Work item =>
Return every record verbatim, omitting all pictures.
Segment Start: Given data
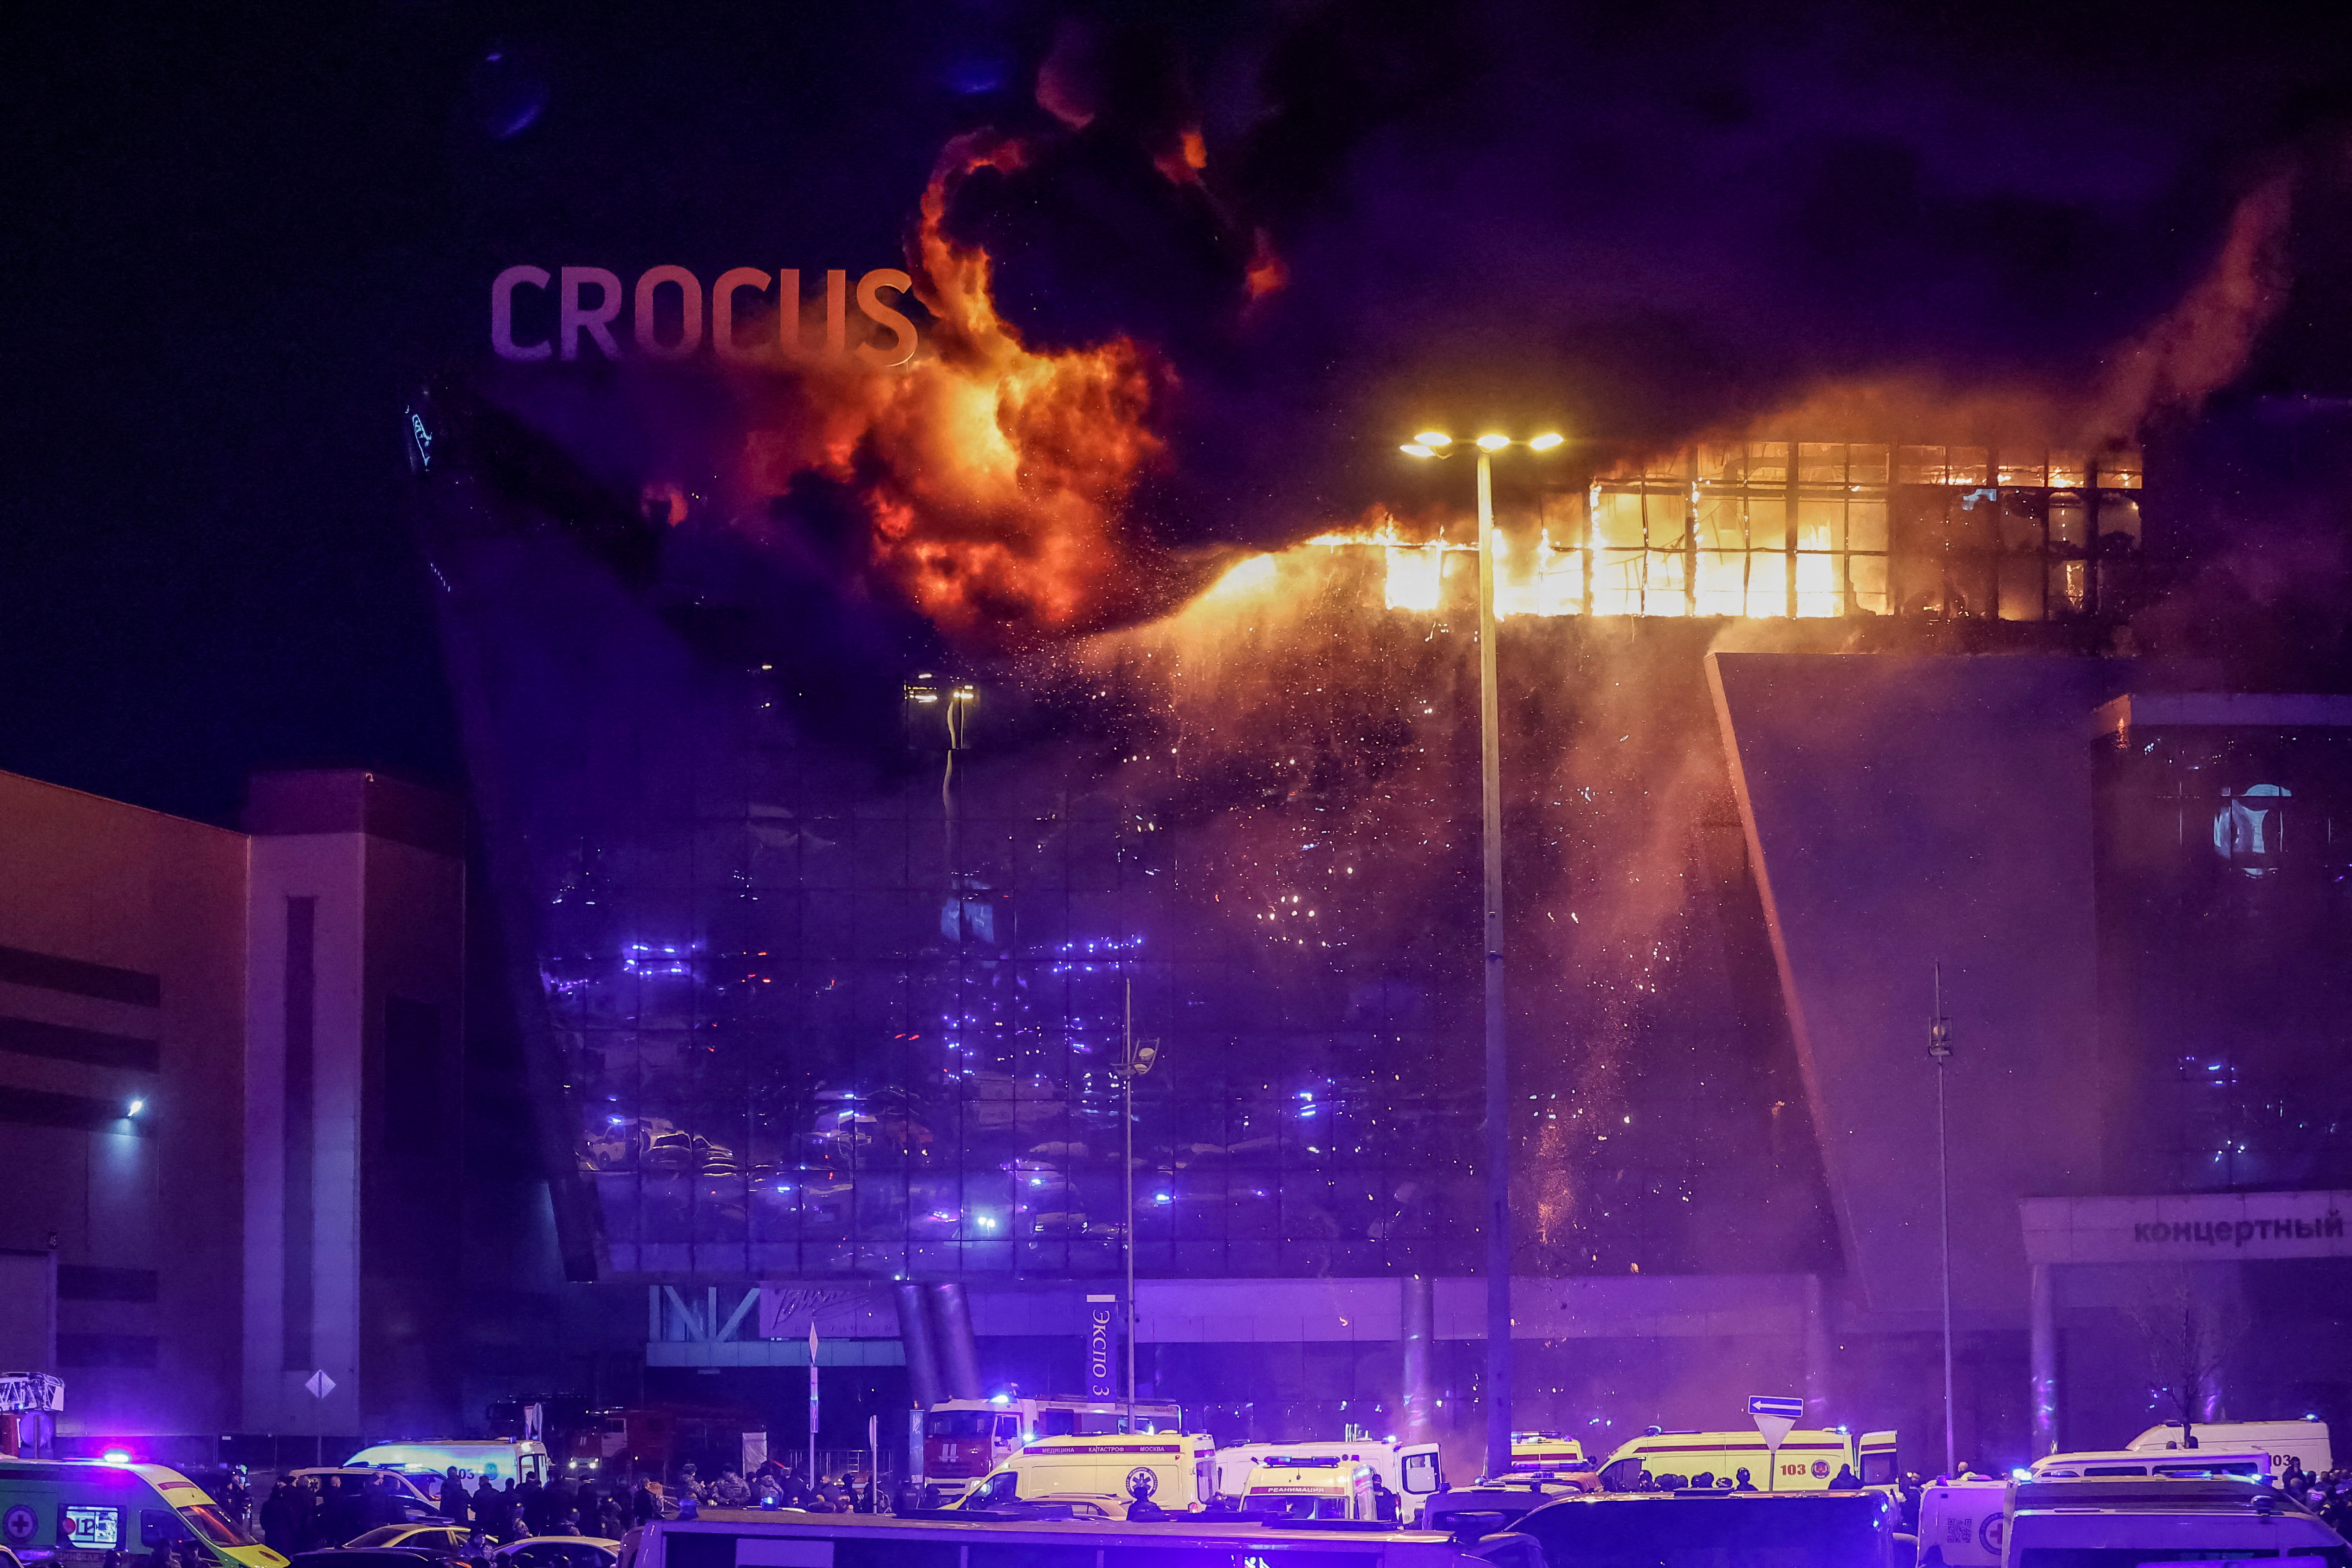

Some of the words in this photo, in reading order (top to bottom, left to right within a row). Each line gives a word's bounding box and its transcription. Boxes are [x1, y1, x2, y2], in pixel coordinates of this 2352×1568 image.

[492, 265, 918, 367] CROCUS
[2135, 1209, 2343, 1247] концертный
[1092, 1385, 1110, 1396] 3
[1007, 1443, 1012, 1452] 4
[1780, 1464, 1806, 1476] 103
Segment End: Given data
Solution =>
Some of the words in this photo, in reading order (top to bottom, left to right within a row). Each line gives a word's bounding box and its transcription. Boxes are [x1, y1, x2, y2], in pixel coordinates of this 2352×1568 image.

[492, 265, 918, 367] CROCUS
[2135, 1209, 2343, 1247] концертный
[1092, 1385, 1110, 1396] 3
[1007, 1443, 1012, 1452] 4
[1780, 1464, 1806, 1476] 103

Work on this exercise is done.